Friday, July 17, 2009
Fresh Enough: Western District Of Wisconsin Finds Statement Created Months After Harassment Qualifies As Recorded Recollection
Federal Rule of Evidence 803(5) provides an exception to the rule against hearsay for
A memorandum or record concerning a matter about which a witness once had knowledge but now has insufficient recollection to enable the witness to testify fully and accurately, shown to have been made or adopted by the witness when the matter was fresh in the witness' memory and to reflect that knowledge correctly.
My post yesterday addressed two important aspects of this "recorded recollection" exception to the rule against hearsay: (1) When does a witness have insufficient recollection, and (2) When does a witness need to adopt a memorandum/record? My post today, and the recent opinion of the United States District Court for the Western District of Wisconsin in Vorwald v. 3M Co., 2009 1970694 (W.D. Wis. 2009), both address a third aspect: When is a matter fresh in a witness' memory?
In Vorwald, Lori Vorwald worked at 3M Company's manufacturing facility in Menomonie, Wisconsin from December 2005 until July 2007, when she went on medical leave. She contended that 3M violated Title VII of the Civil Rights Act of 1964 by first subjecting her to a hostile work environment because of her sex and because she complained about harassment and then making conditions so unbearable that she was forced to take medical leave.

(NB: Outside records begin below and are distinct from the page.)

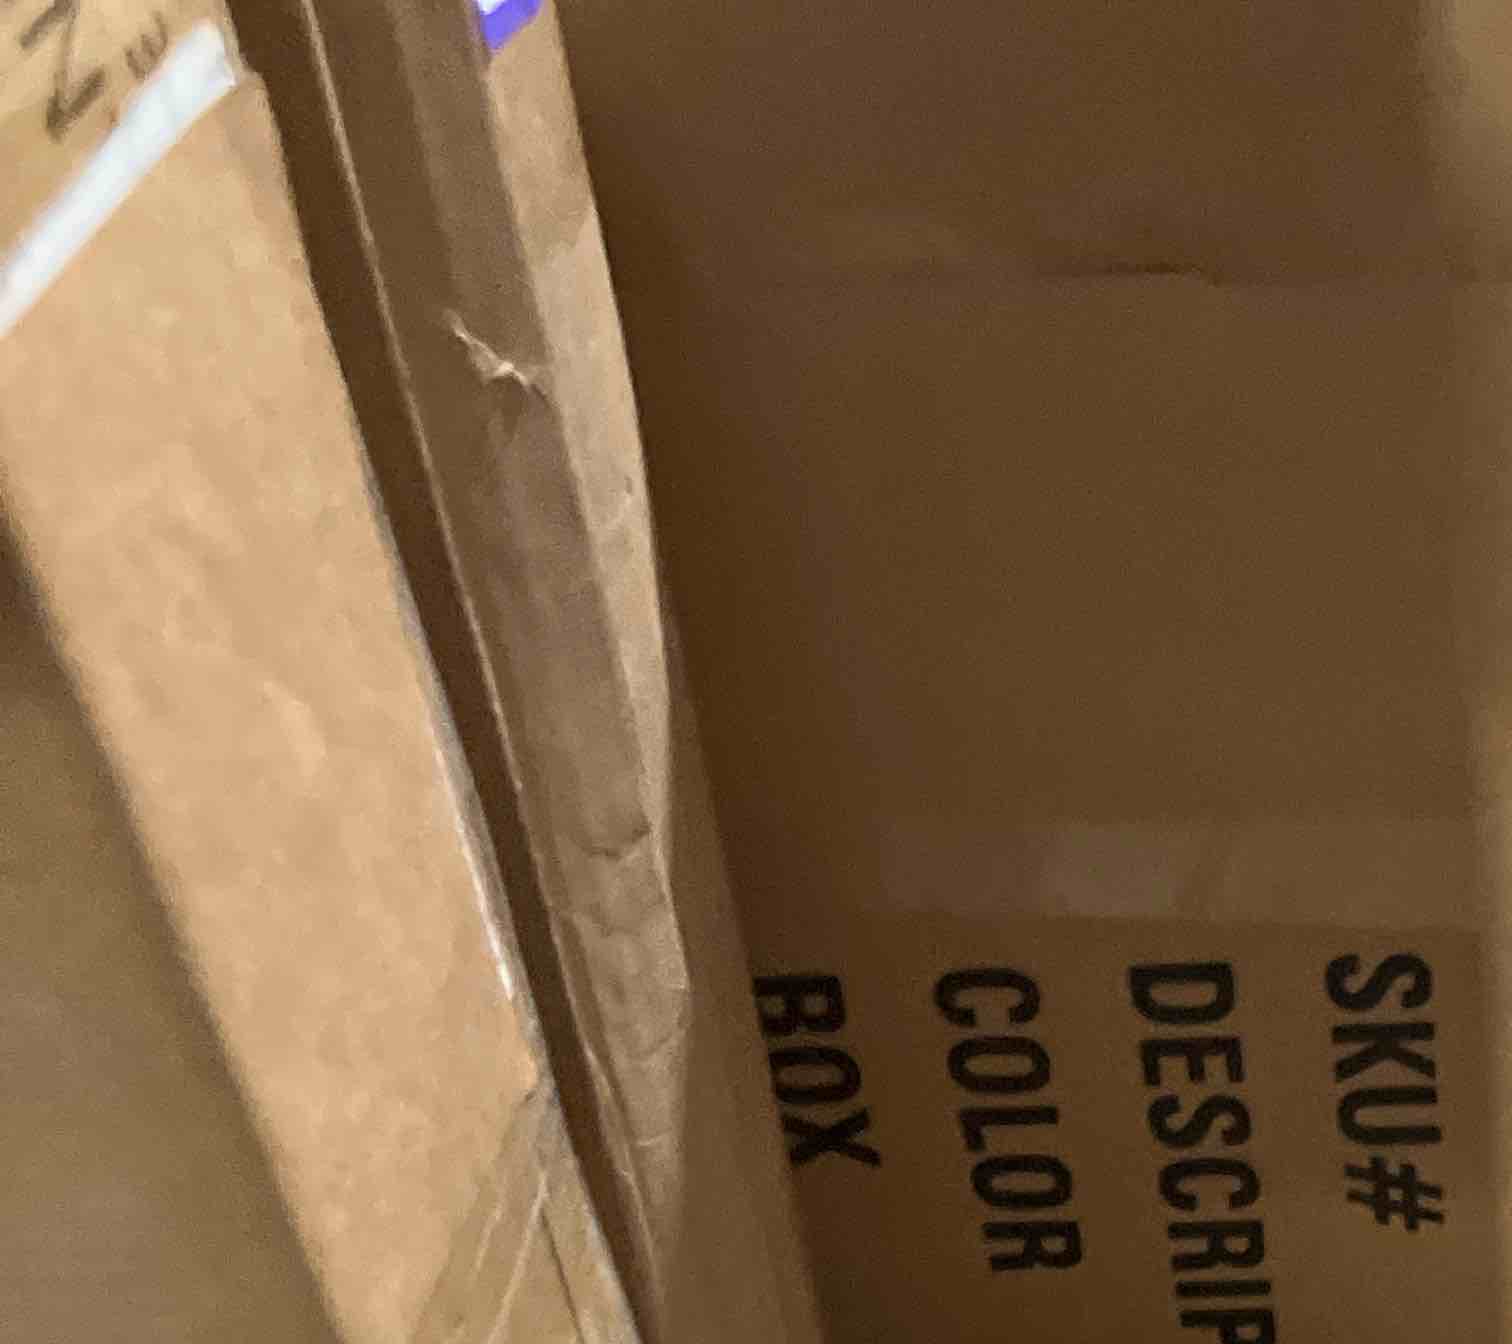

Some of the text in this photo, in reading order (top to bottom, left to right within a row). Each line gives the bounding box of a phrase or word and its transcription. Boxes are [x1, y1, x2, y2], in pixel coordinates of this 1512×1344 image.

[753, 974, 882, 1167] BOX
[931, 965, 1083, 1273] COLOR
[1322, 951, 1446, 1233] SKU#
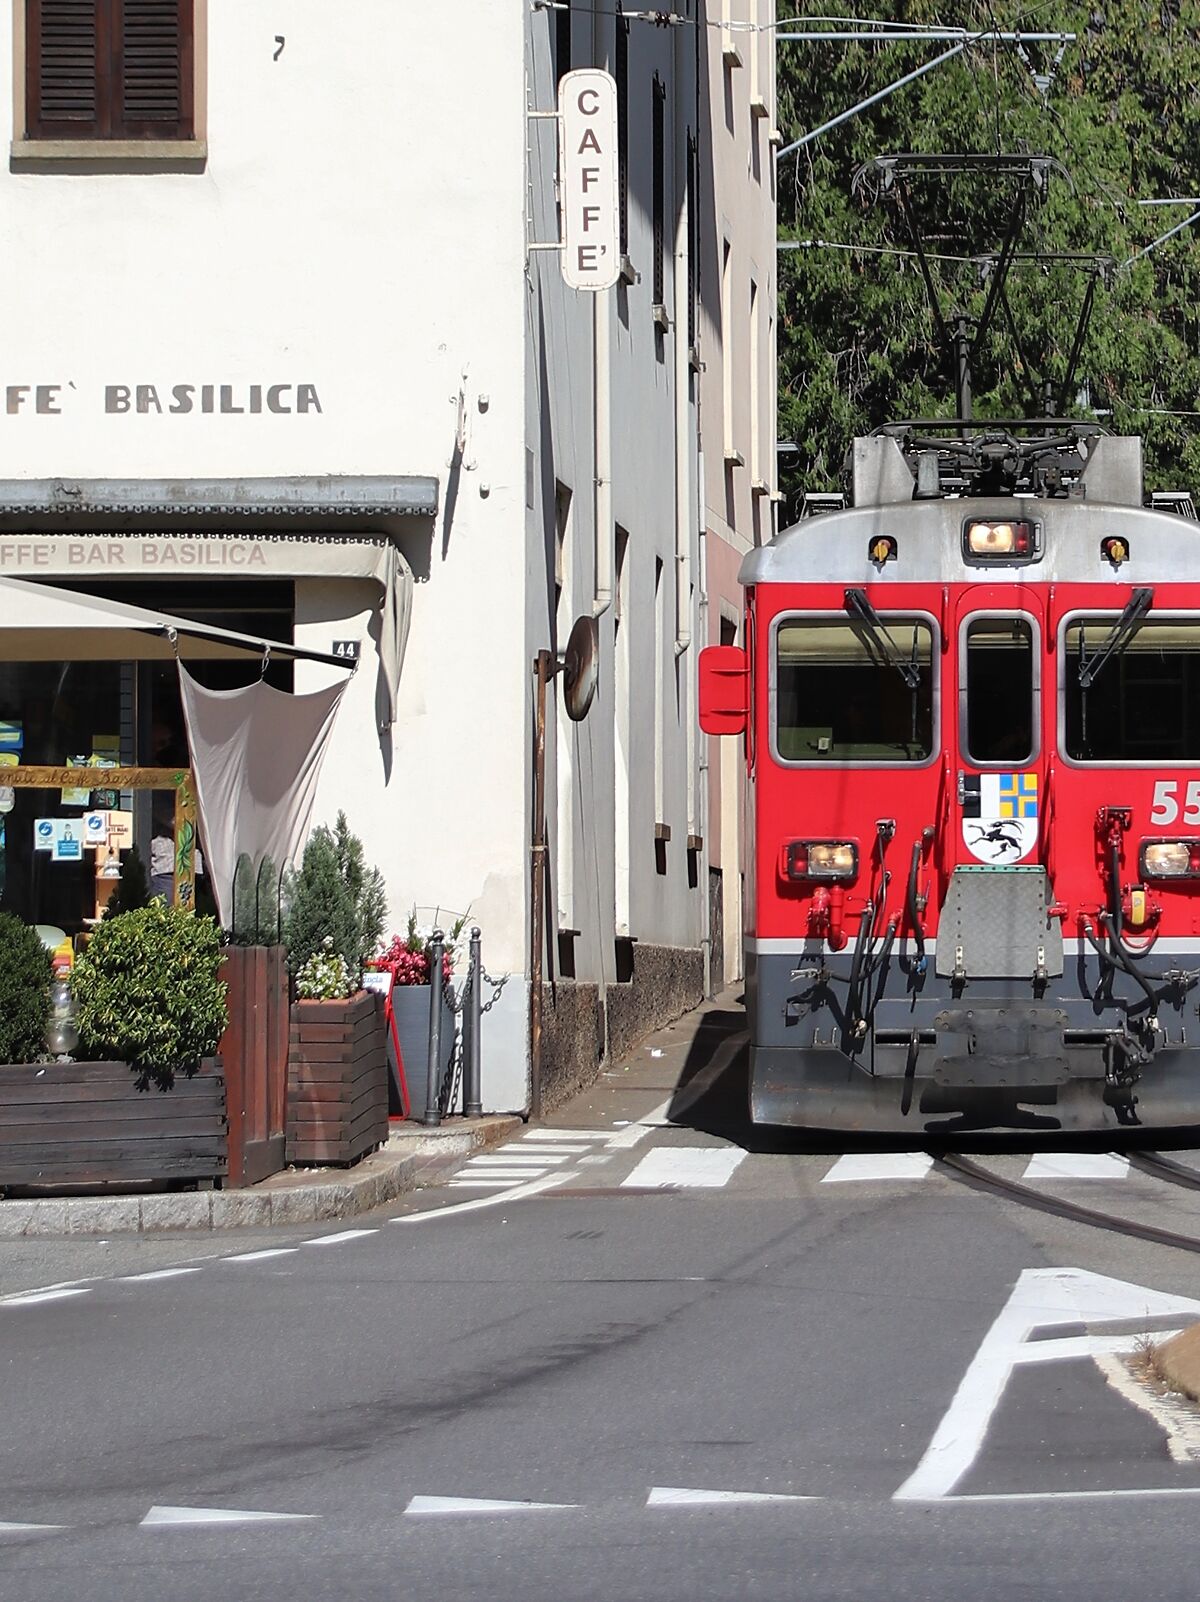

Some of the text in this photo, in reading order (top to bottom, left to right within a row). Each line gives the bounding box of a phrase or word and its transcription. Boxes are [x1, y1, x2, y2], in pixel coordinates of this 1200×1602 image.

[577, 89, 606, 271] CAFFE'
[105, 384, 322, 414] BASILICA
[68, 544, 125, 565] BAR
[141, 543, 266, 565] BASILICA
[337, 643, 354, 657] 44
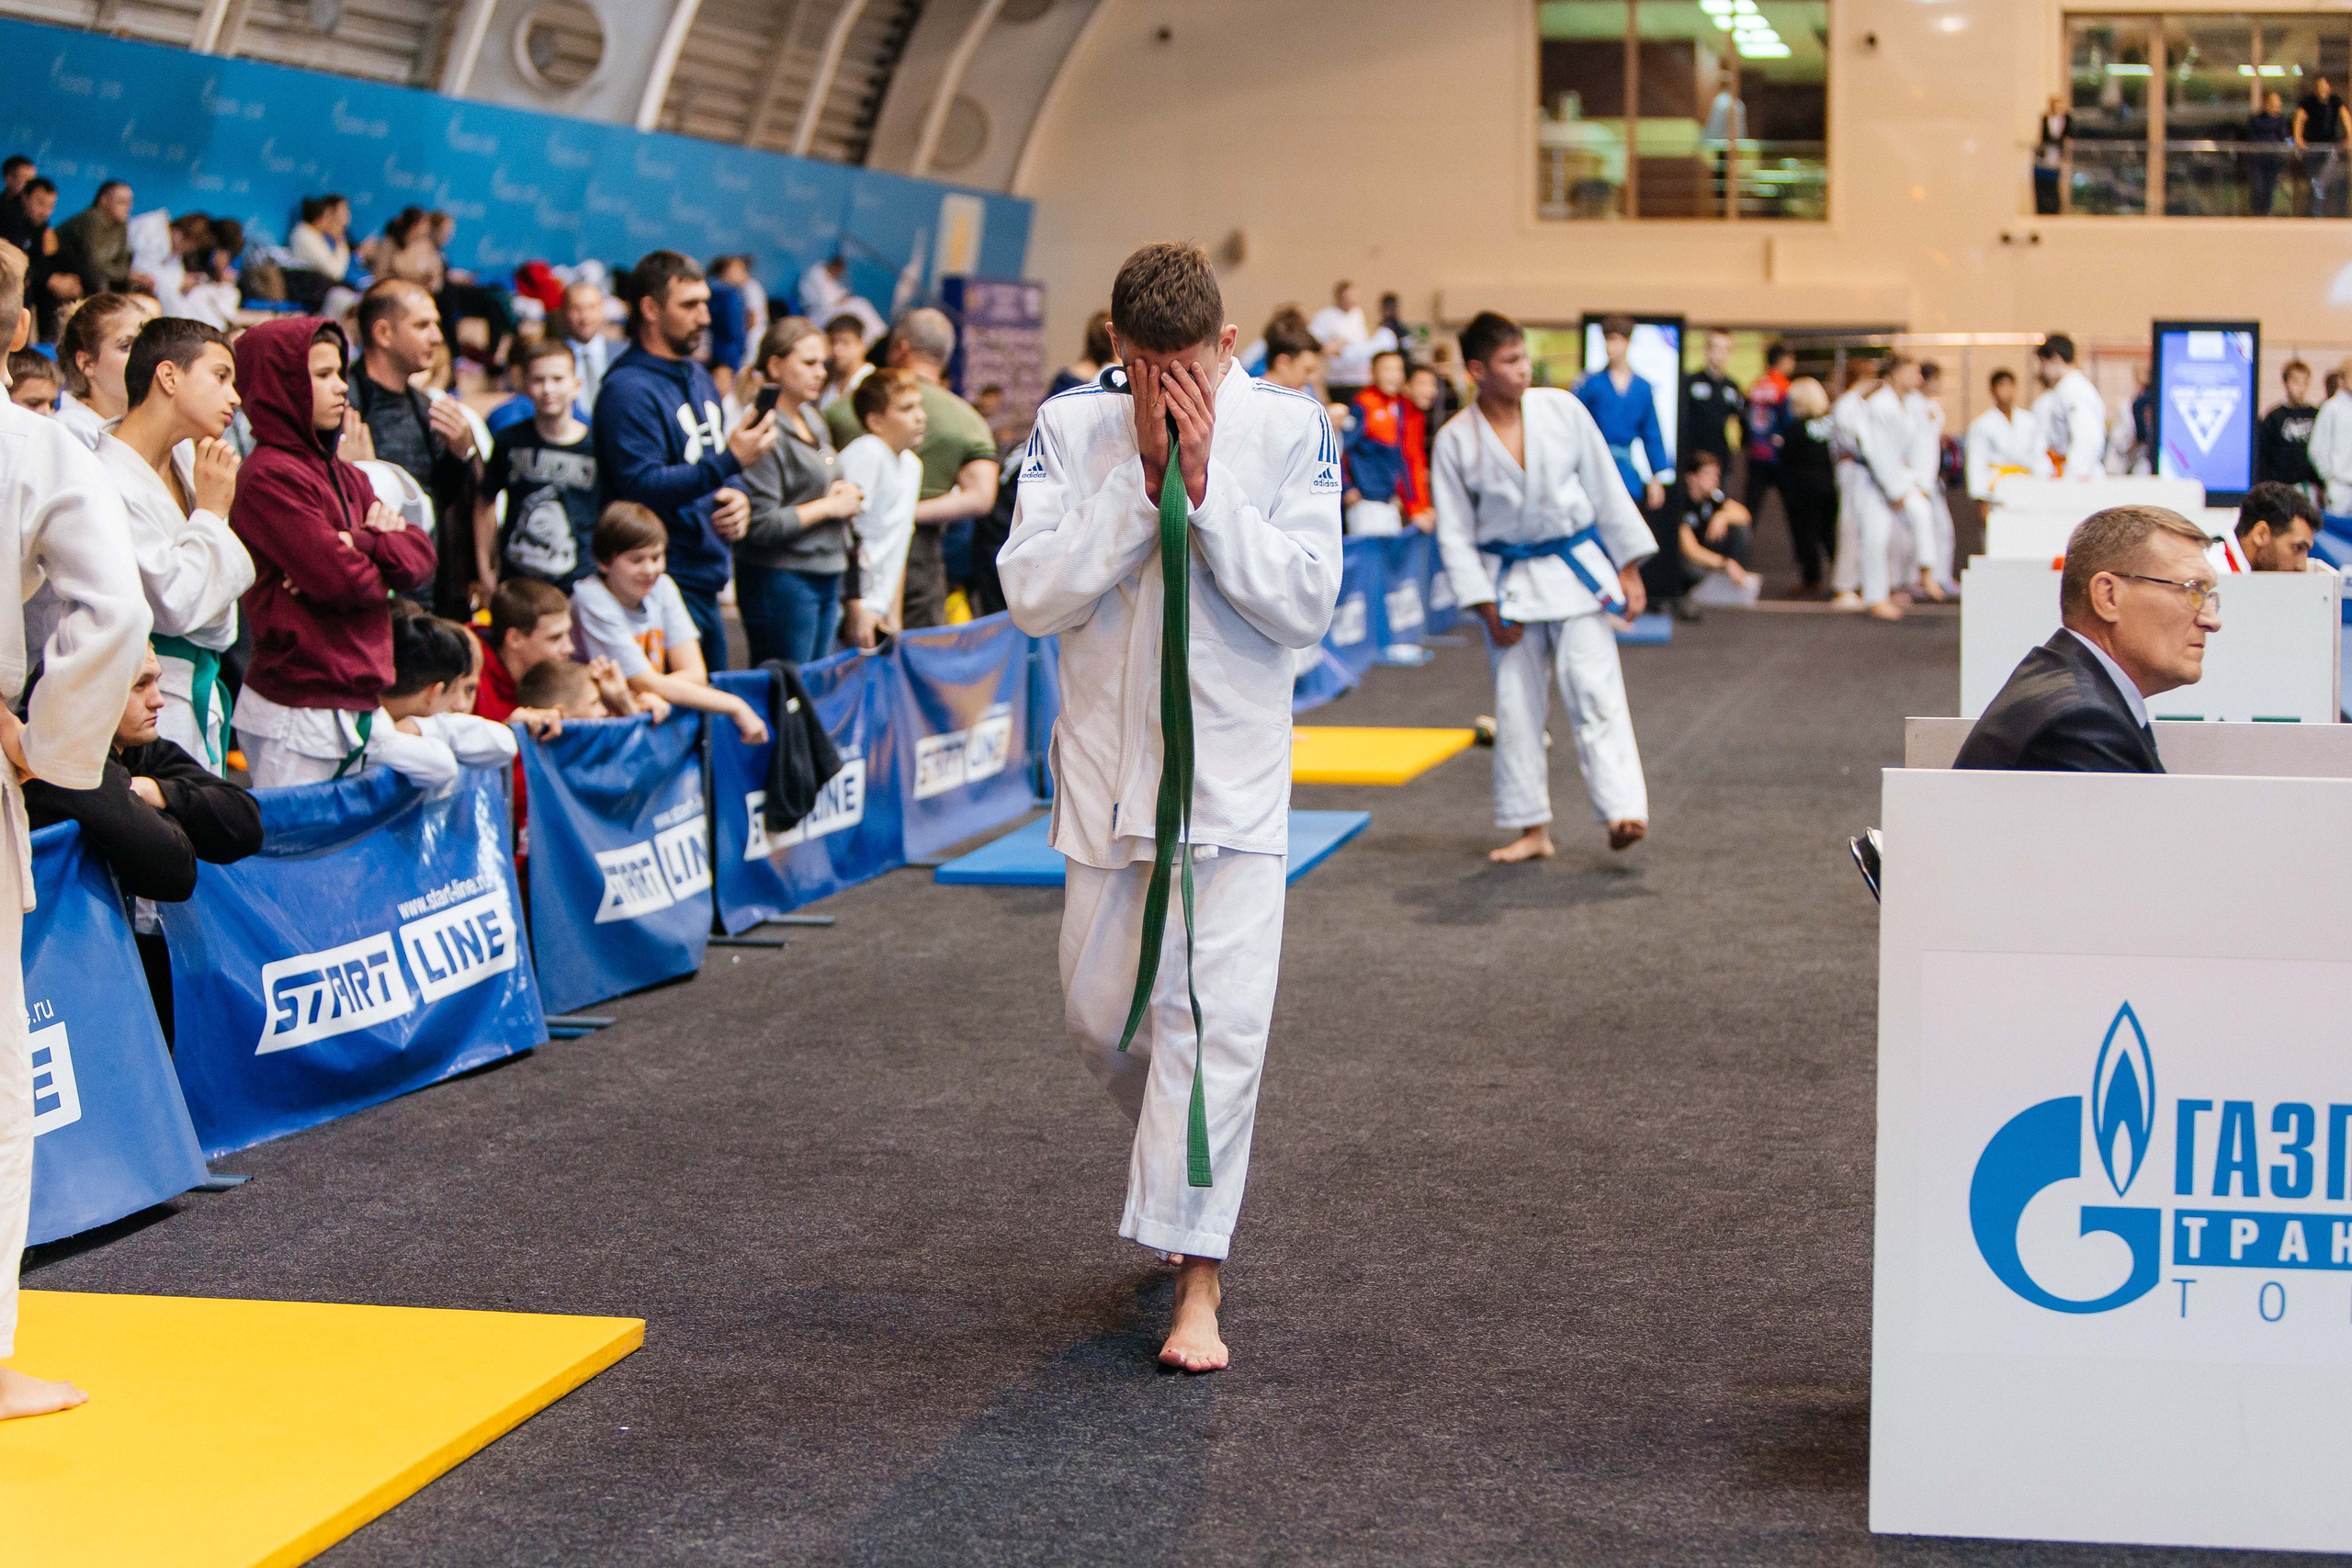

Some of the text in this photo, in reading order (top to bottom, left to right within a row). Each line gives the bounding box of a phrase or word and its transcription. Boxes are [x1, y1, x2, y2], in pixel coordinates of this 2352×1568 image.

3M subsequently moved for summary judgment, and the problem for Vorwald was that "she [wa]s unable to recall the date of nearly any incident of harassment." To overcome this problem, however, Vorwald cited a statement she created dated November 19, 2007 in which she did provide dates for incidents of harassment. 3M countered that this statement was inadmissible, but the Western District of Wisconsin disagreed, finding that the statement was admissible under Federal Rule of Evidence 803(5). And in finding that the incidents of harassment were fresh in mind when Vorwald created the statement, the court concluded that she "created the document shortly after she took medical leave, when the events of the previous year would have been much fresher in her mind" and that the Seventh Circuit had found in United States v. Green, 258 F.3d 683 (7th Cir. 2001), that a "statement may be admissible under Rule 803(5) even if it was made several months after [the] incident."